Engage Your Target Audience: Business Communications Professor Michèle Favorite
Born and raised in Naples, Professor Michèle Favorite attended Brown University in the United States before continuing her studies in the United Kingdom. She holds a Ph.D. in International Relations from the University of Oxford.
What brought you to Rome and John Cabot?
After so many years of academia, I figured I had better get some understanding of the real world, and I chose to do a crash course in business by going into management consulting. Boy, was that ever a crash course! I was exposed to multiple industries, markets, countries, all at the same time, and loved it. I really recommend it to students who want to get a good feel for the business world from many different angles.
And then came a job offer I couldn’t refuse. I came to Rome because I started working for ENI, the Italian oil and gas company. I started off as the Assistant to the Director of External Relations, which was the biggest department at ENI and covered everything from advertising to government relations, served as speechwriter to the CEO, and ended up as Head of Foreign Media. That was one of the most fun and demanding jobs I have ever had. Managing the company’s image and reputation in 66 companies was fascinating, and hard work. We had plenty of crises and emergencies all over the world, including Nigeria and Egypt.
What is your teaching philosophy?
Every student has something special and it is a good teacher’s responsibility to bring out that special trait.
Please tell us about a challenge you encountered in your teaching career. How were you able to overcome it?
One of my first challenges was establishing my authority in the classroom.
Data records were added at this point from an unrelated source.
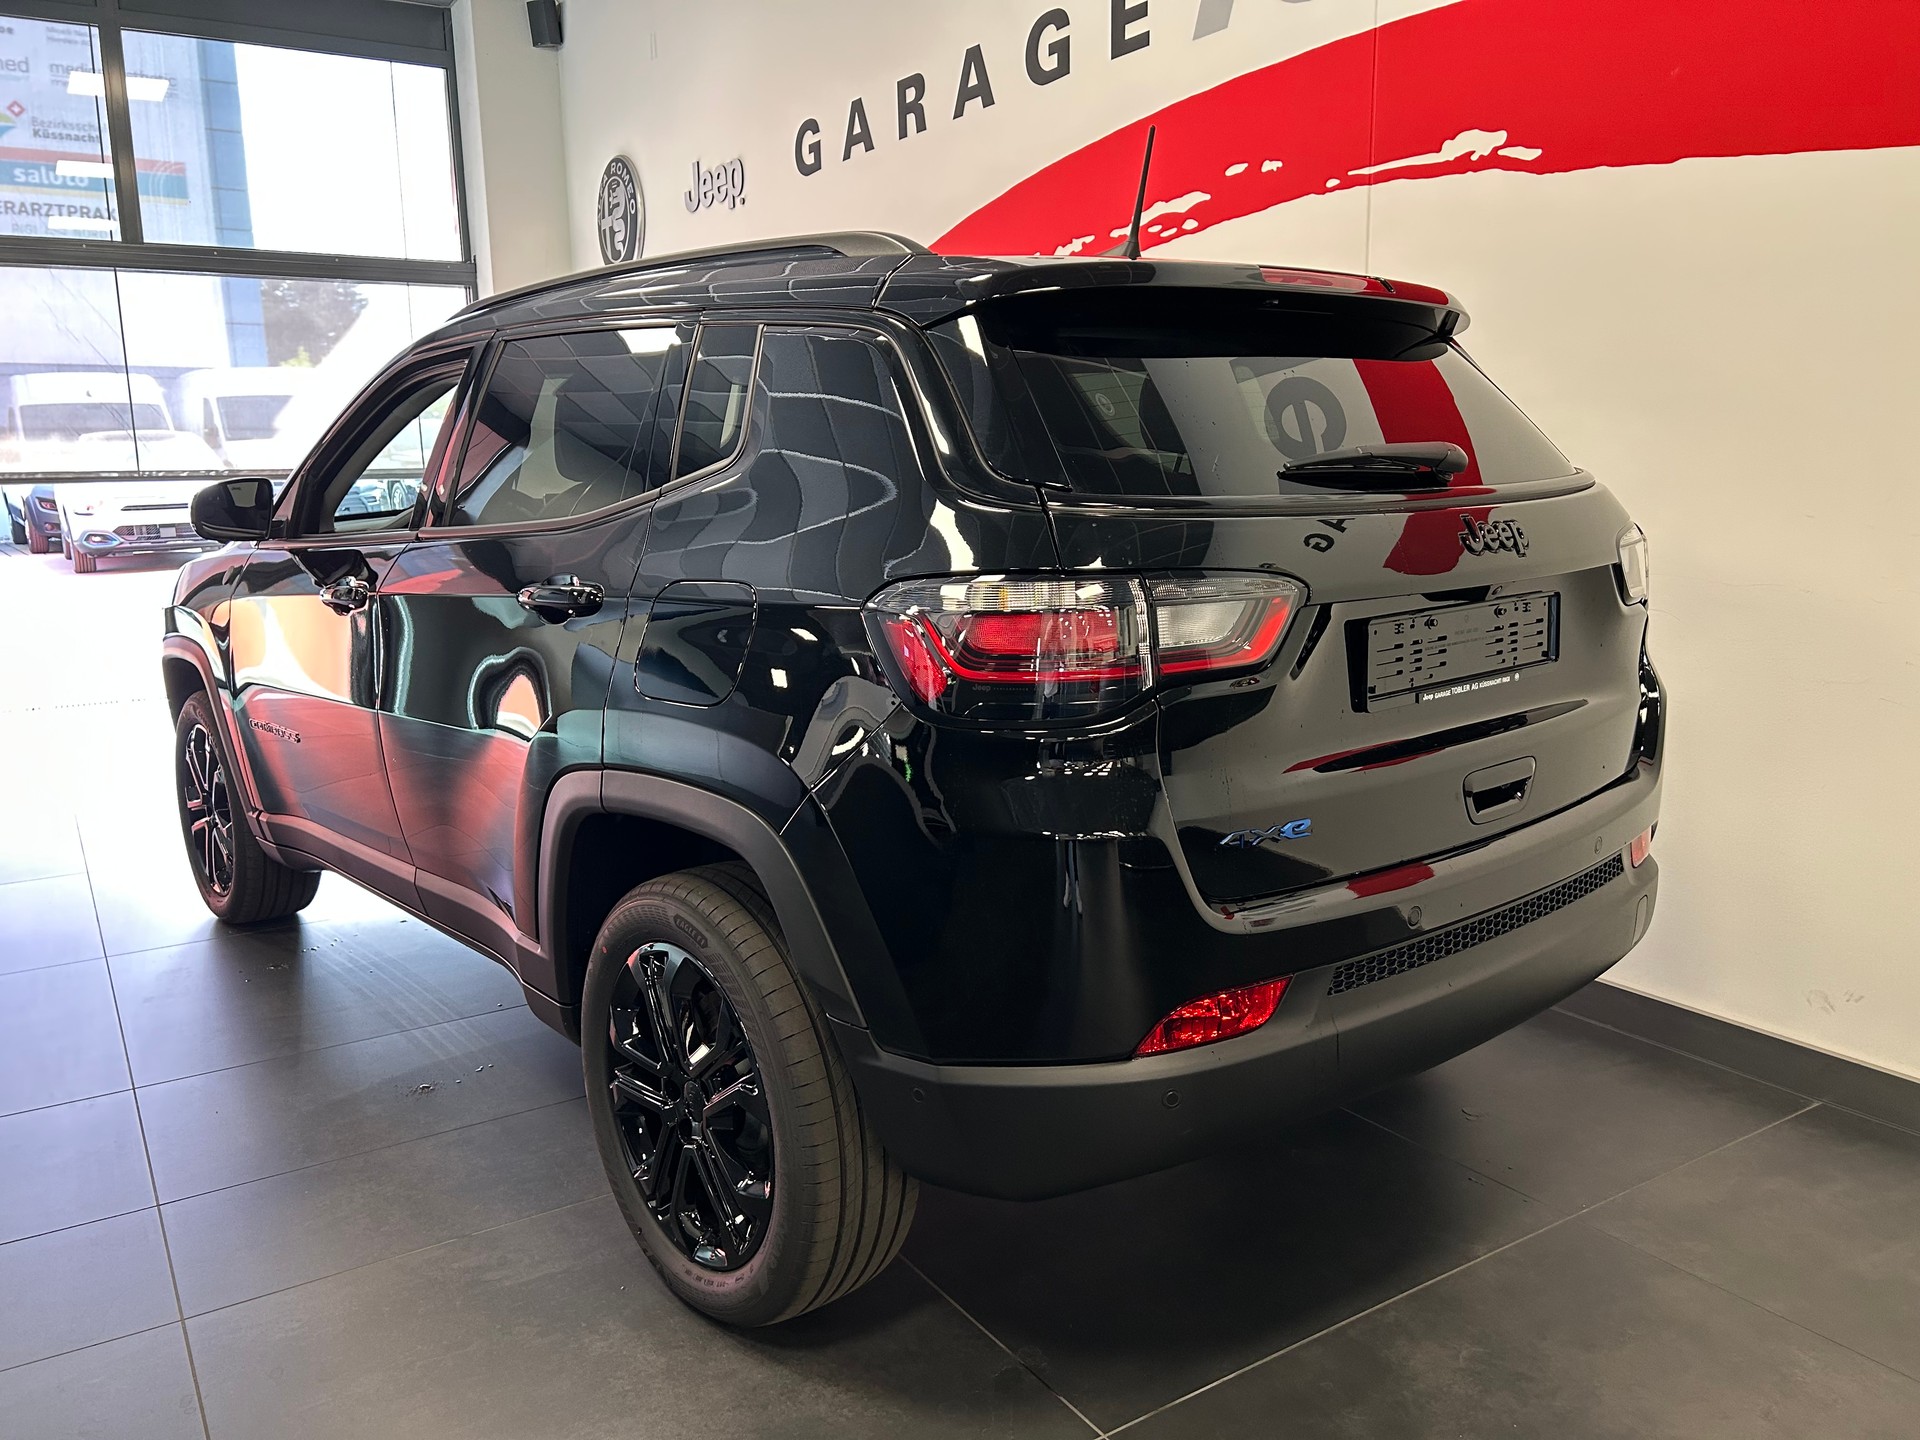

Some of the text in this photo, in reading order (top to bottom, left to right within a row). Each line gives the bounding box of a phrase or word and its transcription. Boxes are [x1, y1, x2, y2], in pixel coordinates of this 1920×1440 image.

[795, 0, 1150, 177] GARAGE
[610, 161, 636, 215] ROMEO
[1459, 513, 1530, 558] Jeep
[1422, 692, 1434, 701] Jeep
[1434, 688, 1452, 699] GARAGE
[1451, 684, 1470, 695] TOBLER
[1471, 682, 1479, 691] AG
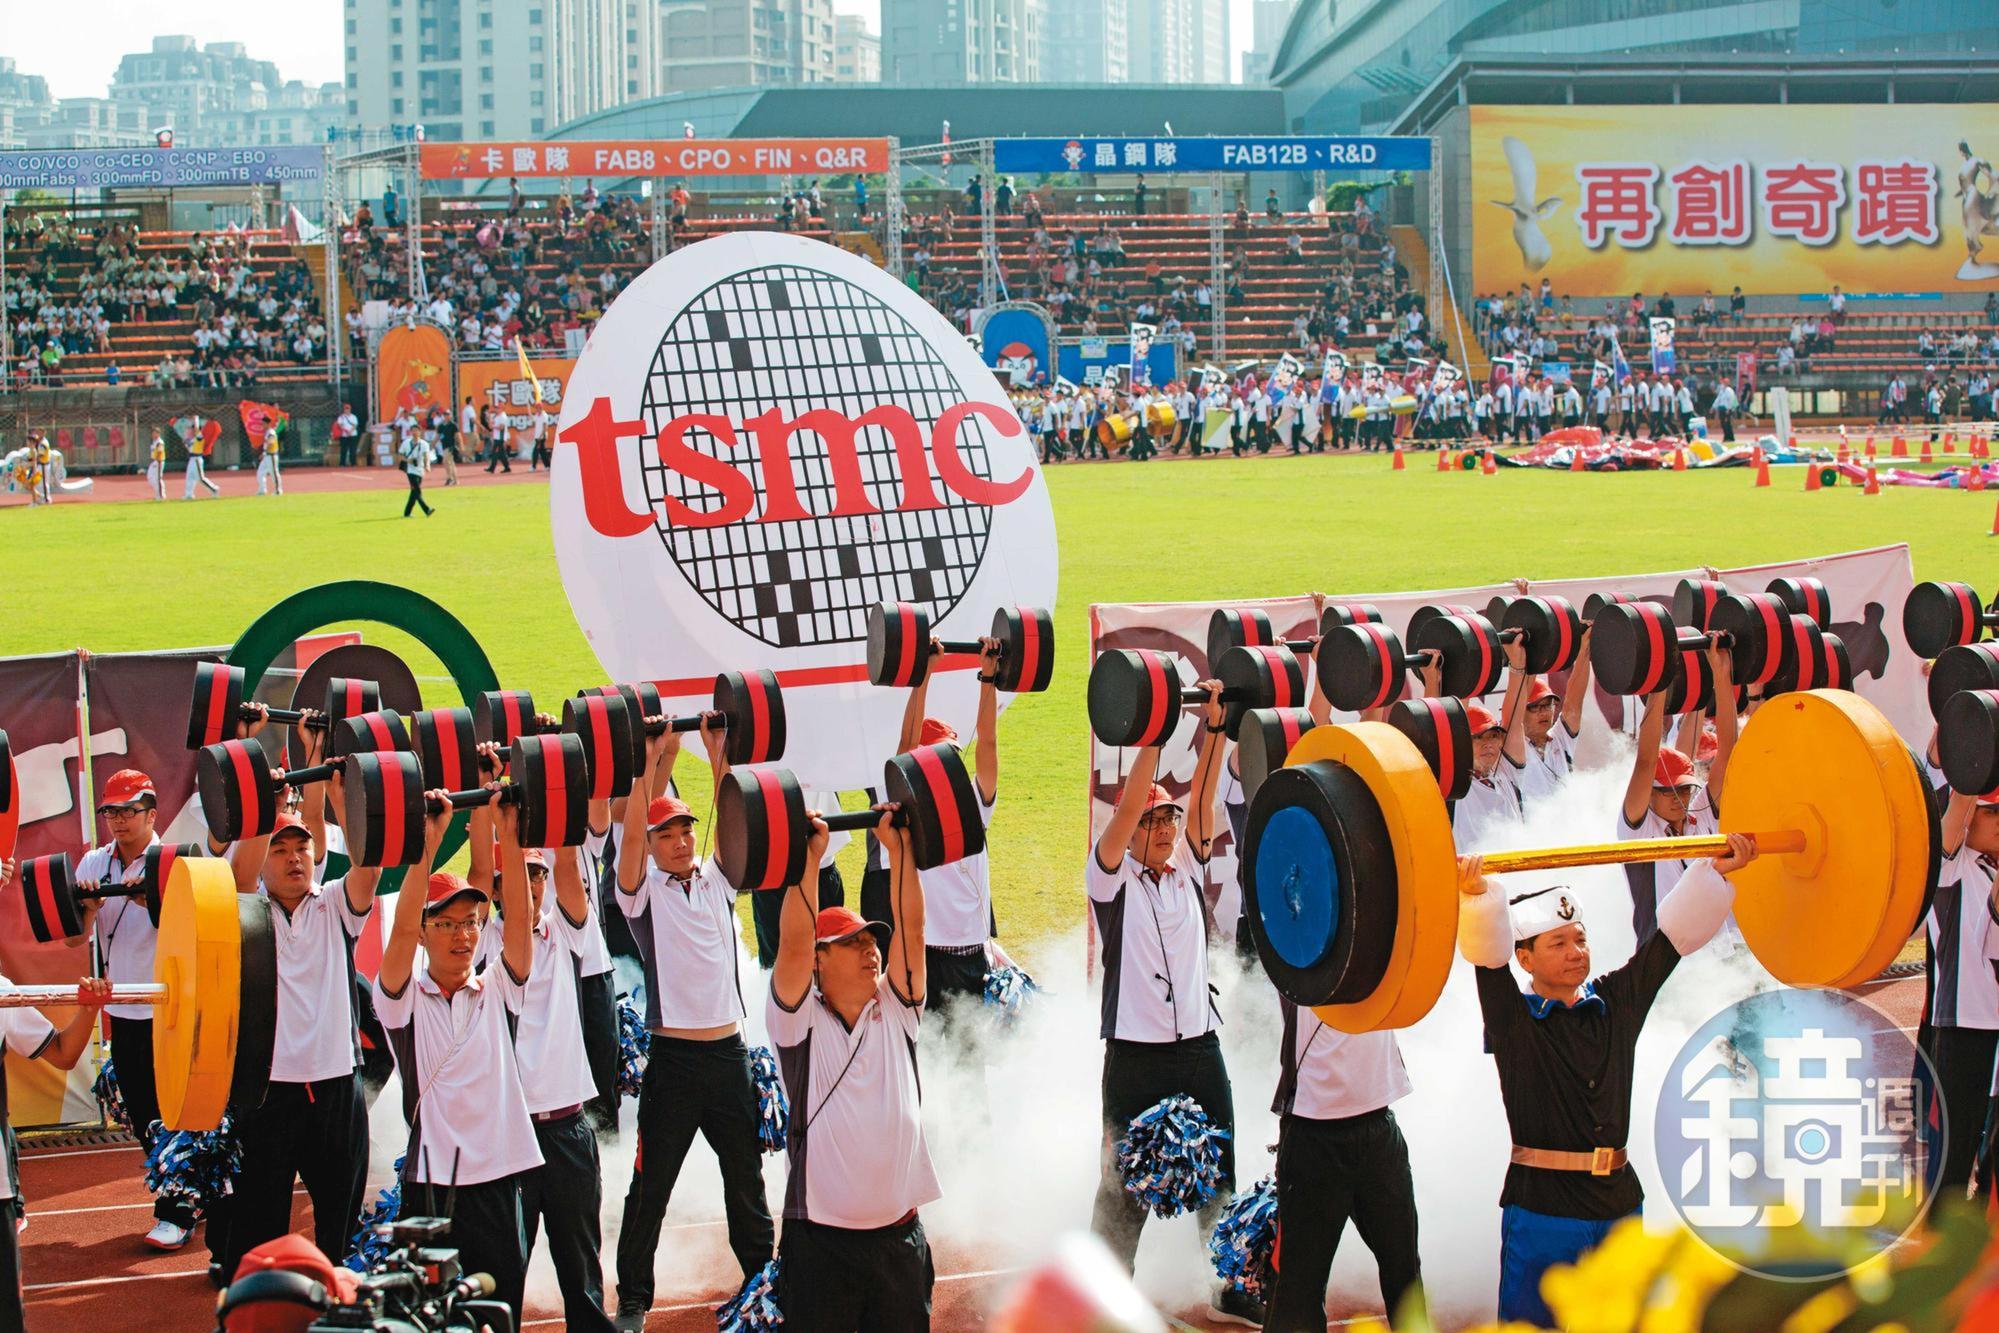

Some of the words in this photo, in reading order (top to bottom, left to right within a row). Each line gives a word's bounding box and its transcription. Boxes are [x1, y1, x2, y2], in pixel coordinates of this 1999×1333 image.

[480, 146, 569, 173] 卡歐隊
[815, 147, 868, 169] Q&R
[1329, 143, 1377, 164] R&D
[1576, 159, 1936, 243] 再創奇蹟
[559, 396, 1035, 538] tsmc
One of my very first classes was made up of a group of very rowdy guys, and they could sense my uncertainty. So they had a ball with it. I slowly grew into my role by relaxing and being myself.
What is the biggest NO-NO in Business Communications?
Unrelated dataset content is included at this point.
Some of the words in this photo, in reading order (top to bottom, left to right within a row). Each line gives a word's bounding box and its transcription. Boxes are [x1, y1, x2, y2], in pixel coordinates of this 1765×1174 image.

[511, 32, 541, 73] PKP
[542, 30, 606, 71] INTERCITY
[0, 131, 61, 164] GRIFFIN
One of the biggest is not focusing on your audience. The best communication is audience-centered. This means you have to know who your audience is and understand what will engage it. This is at the base of creating communication that is authentic, persuasive, effective. Most people communicate as if they were the most important player in the communication. Getting students to make this mind shift is really rewarding.
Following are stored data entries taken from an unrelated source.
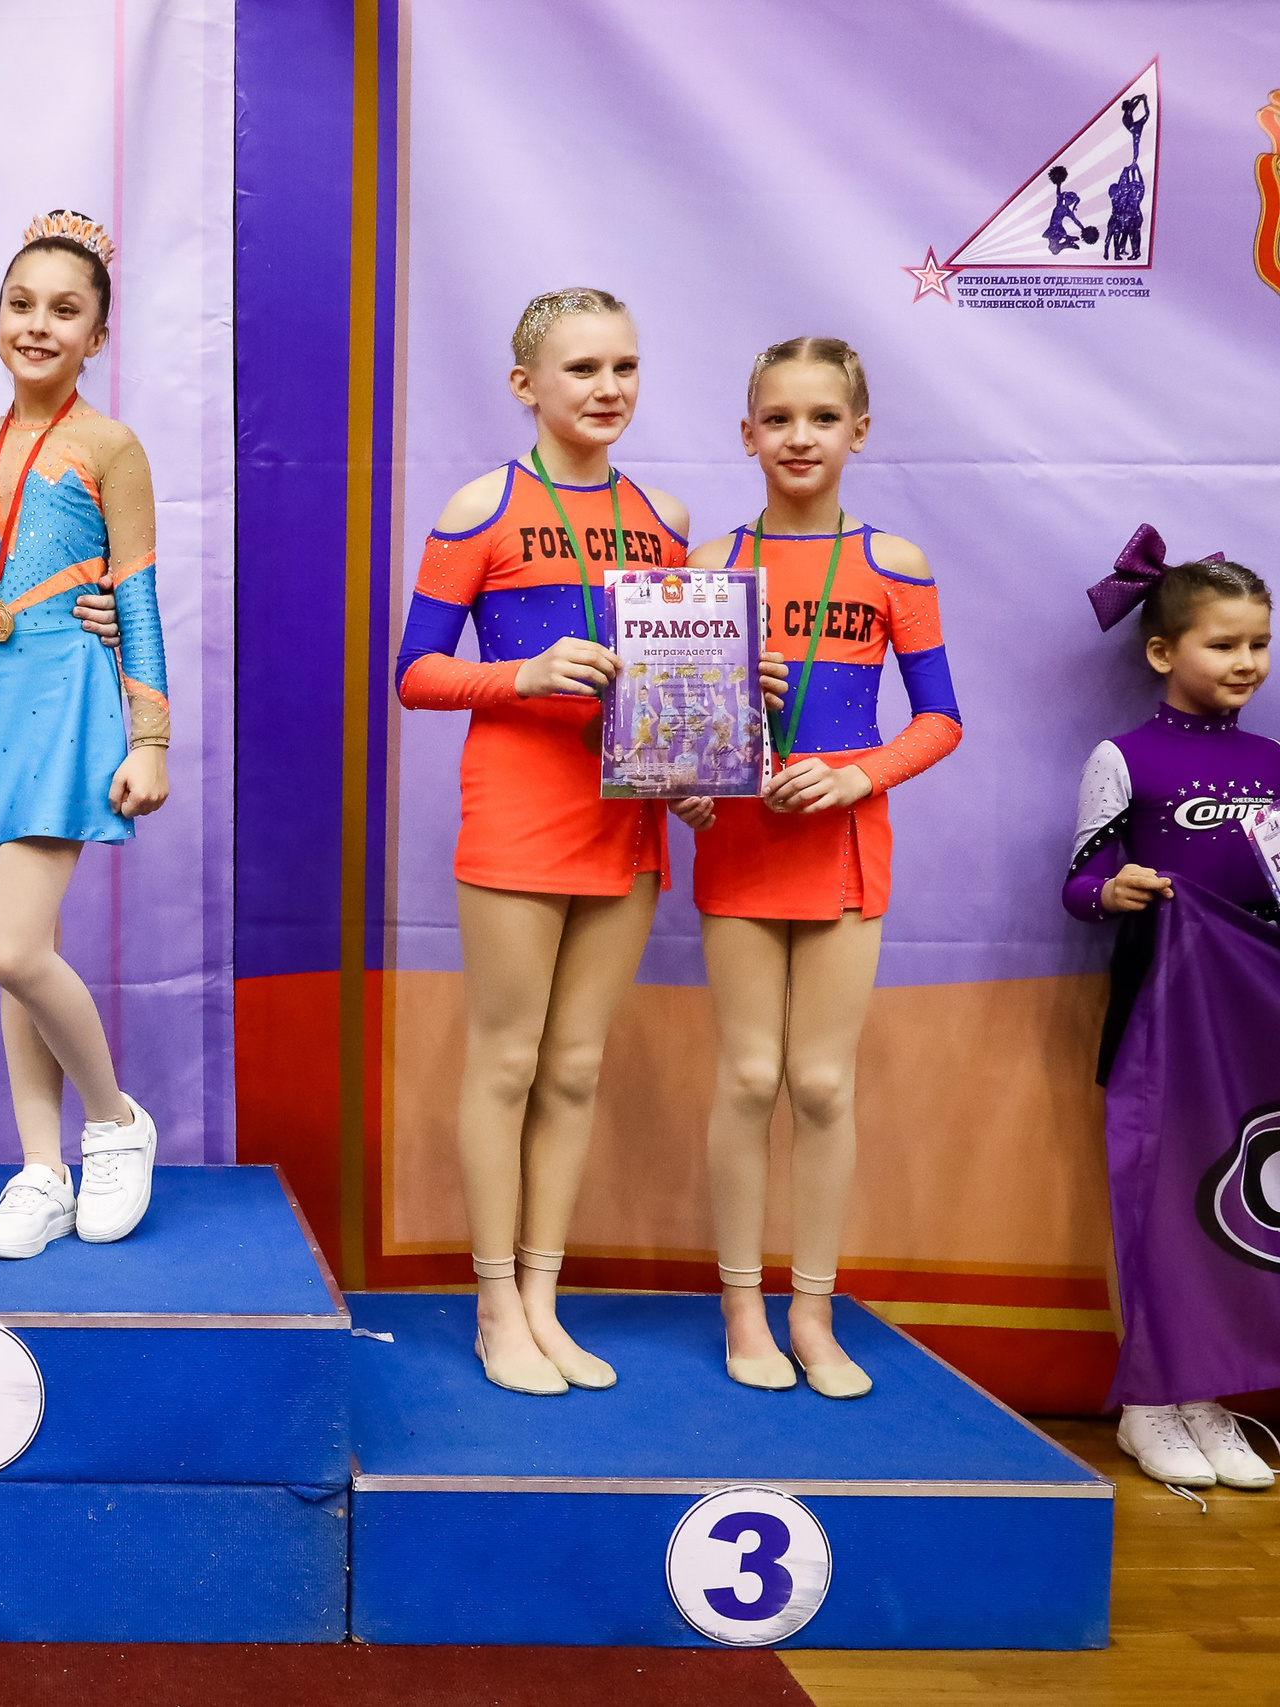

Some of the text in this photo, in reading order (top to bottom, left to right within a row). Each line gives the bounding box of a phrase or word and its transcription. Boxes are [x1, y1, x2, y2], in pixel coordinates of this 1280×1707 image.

[957, 276, 1143, 286] РЕГИОНАЛЬНОЕ ОТДЕЛЕНИЕ СОЮЗА
[957, 288, 1150, 298] ЧИР СПОРТА И ЧИРЛИДИНГА РОССИИ
[958, 298, 1096, 309] В ЧЕЛЯБИНСКОЙ ОБЛАСТИ
[519, 526, 663, 568] FOR CHEER
[784, 600, 876, 643] CHEER
[624, 620, 741, 638] ГРАМОТА
[643, 648, 723, 657] награждается
[702, 1511, 794, 1622] 3
Today, we tend to commercialize everything: knowledge, skills, talent. We think about people and things in terms of economic value and “usefulness,” and if we cannot profit from them in the short term, we disregard them. What is your take on this?
You’re right, but I think there are some encouraging signs that things are starting to change. We are learning the hard way that short-term gains can be harmful and myopic. Look at the environmental crisis. That is the result of a short-term profit-driven vision that completely disregards the long-term effects on the environment. We are starting to realize how dangerous that is and how we need to take a much longer view.
Businesses are also starting to change. They understand that their well-being is closely related with that of their stakeholders at large, not only their shareholders, and stakeholders are making companies increasingly accountable for their social, environmental and governance behavior.
What characteristics do innovative companies most look for in their employees and how can one demonstrate to have them?
Innovative companies are dynamic and forward-looking. They are looking for talent that can thrive in a constantly changing environment, that is able to manage uncertainty, that can handle multiple projects at the same time and that is comfortable with diversity. These are all soft skills. So, in a nutshell, besides having a good grounding in the core academic subjects, young people need to have strong soft skills. A liberal arts education is a great way of combining these.
Professor Michèle Favorite will teach Business Communications and Public Relations in Spring 2021.